Protein identification and quantification
Relative intensity-based label-free quantification (LFQ) was processed using the MaxLFQ algorithm^49^ from the freely available MaxQuant computational proteomics platform, version 1.6.3.4^50^. Analysis was done on three biological replicates, each injected three times on mass spectrometers. The acquired raw LC Orbitrap MS data were first processed using the integrated Andromeda search engine^51^. Spectra were searched against the F. johnsoniae database extracted from UniProt (UP000006694, date 2022 May 4th; 5016 entries)^52^. The false discovery rate (FDR) at the peptide and protein levels were set to 1% and determined by searching a reverse database. For protein grouping, all proteins that could not be distinguished based on their identified peptides were assembled into a single entry according to the MaxQuant rules. The statistical analysis was done with Perseus program (version 1.6.15) from the MaxQuant environment (www.maxquant.org)^53^. Quantifiable proteins were defined as those detected in above 70% of samples in one condition or more. Protein LFQ normalized intensities were base 2 logarithmized to obtain a normal distribution. Missing values were replaced using data imputation by randomly selecting from a normal distribution centered on the lower edge of the intensity values that simulates signals of low-abundant proteins using default parameters (a downshift of 1.8 standard deviation and a width of 0.3 of the original distribution). To determine whether a given detected protein was specifically differential between two conditions, a two-sample t-test was done using permutation-based FDR-controlled at 5 and employing 250 permutations. The *p-*value was adjusted using a scaling factor s0 with a value of 1.

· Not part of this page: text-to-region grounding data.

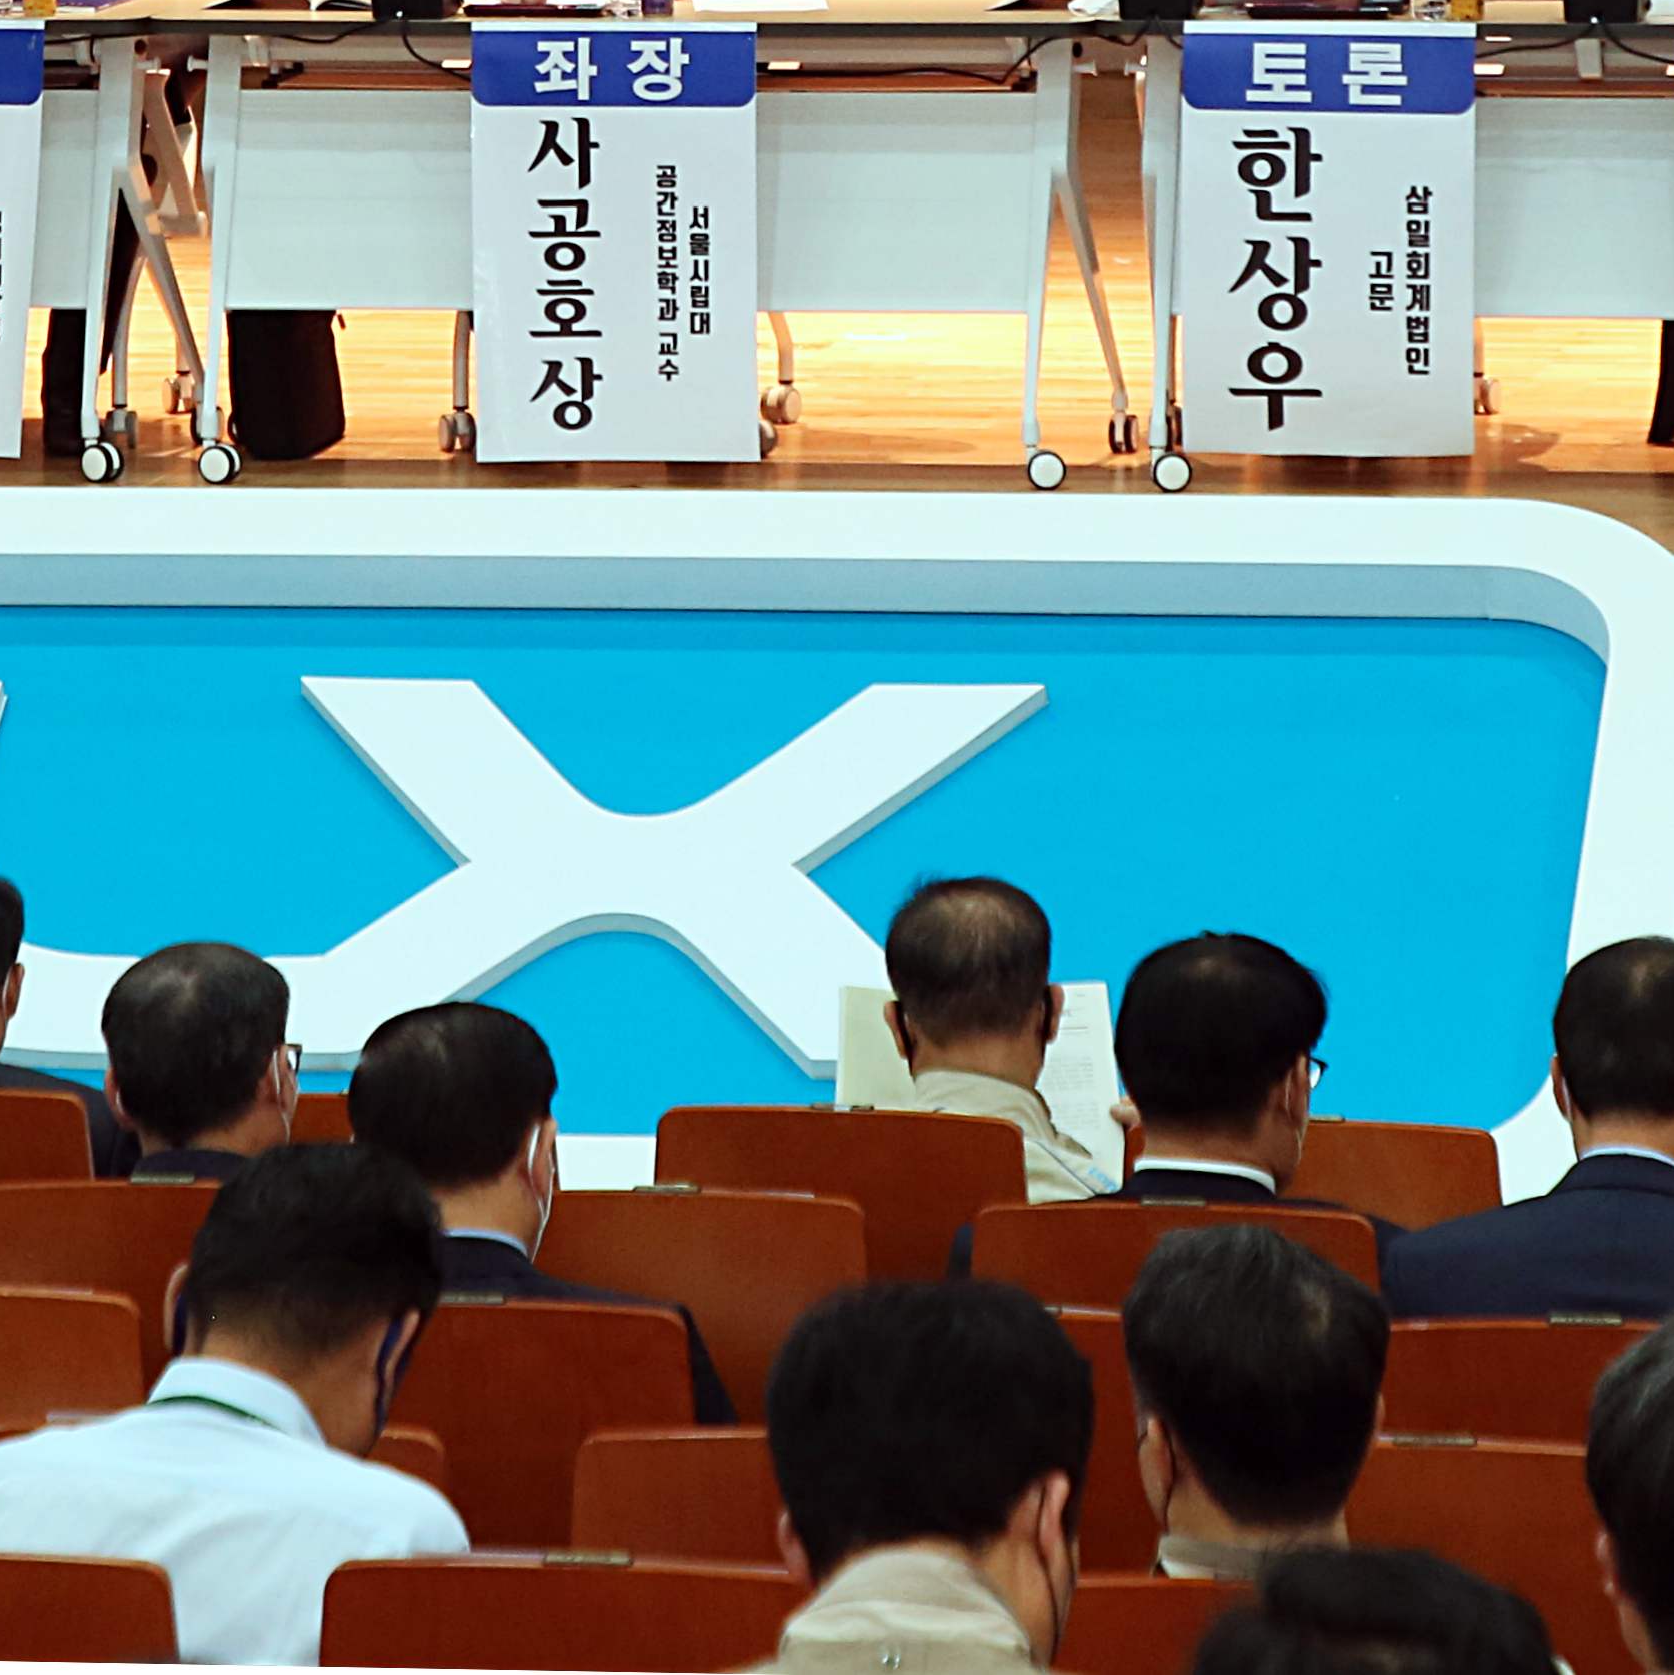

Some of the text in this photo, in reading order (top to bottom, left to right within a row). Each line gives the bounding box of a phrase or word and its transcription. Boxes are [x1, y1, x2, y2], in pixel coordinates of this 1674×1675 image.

[527, 117, 603, 431] 사공호상
[655, 164, 680, 382] 공간정보학과 교수
[688, 205, 711, 335] 서울시립대
[1228, 126, 1323, 432] 한상우
[1368, 250, 1395, 312] 고문
[1405, 185, 1433, 376] 삼일회계법인

The mass spectrometry proteomics data have been deposited to the ProteomeXchange Consortium via the PRIDE partner repository with the dataset identifier PXD065655^54,55^.
Statistics and reproducibility
All microscopy experiments were performed using three independent biological replicates. For each replicate, representative cells were selected and analyzed, resulting in the following total numbers of cells: AmyB-HaloTag (n = 75), RemA-HaloTag (n = 81), SprB-HaloTag-CTDSprB (n = 89), SprB-HaloTag-CTDRemA fusion (n = 78), RemA-HaloTag-CTDRemA fusion (n = 86), AmyB-HaloTag-CTDAmyB fusion (n = 76), SprB-HaloTag-CTDAmyB fusion (n = 90), Fjoh_4750-HaloTag-CTD (n = 80), SprB-HaloTag-CTDFjoh_1123 (n = 525), and Fjoh_3952-HaloTag-CTD (n = 83). Co-immunoprecipitation assays were performed in three independent biological replicates, and each sample was analyzed by mass spectrometry in technical triplicates.
Reporting summary
Further information on research design is available in the Nature Portfolio Reporting Summary linked to this article.
Supplementary information
Supplementary Information Description of Additional Supplementary Materials Supplementary Data Reporting Summary Transparent Peer Review file
The reference list from the paper itself. Each links out to its DOI / PubMed record.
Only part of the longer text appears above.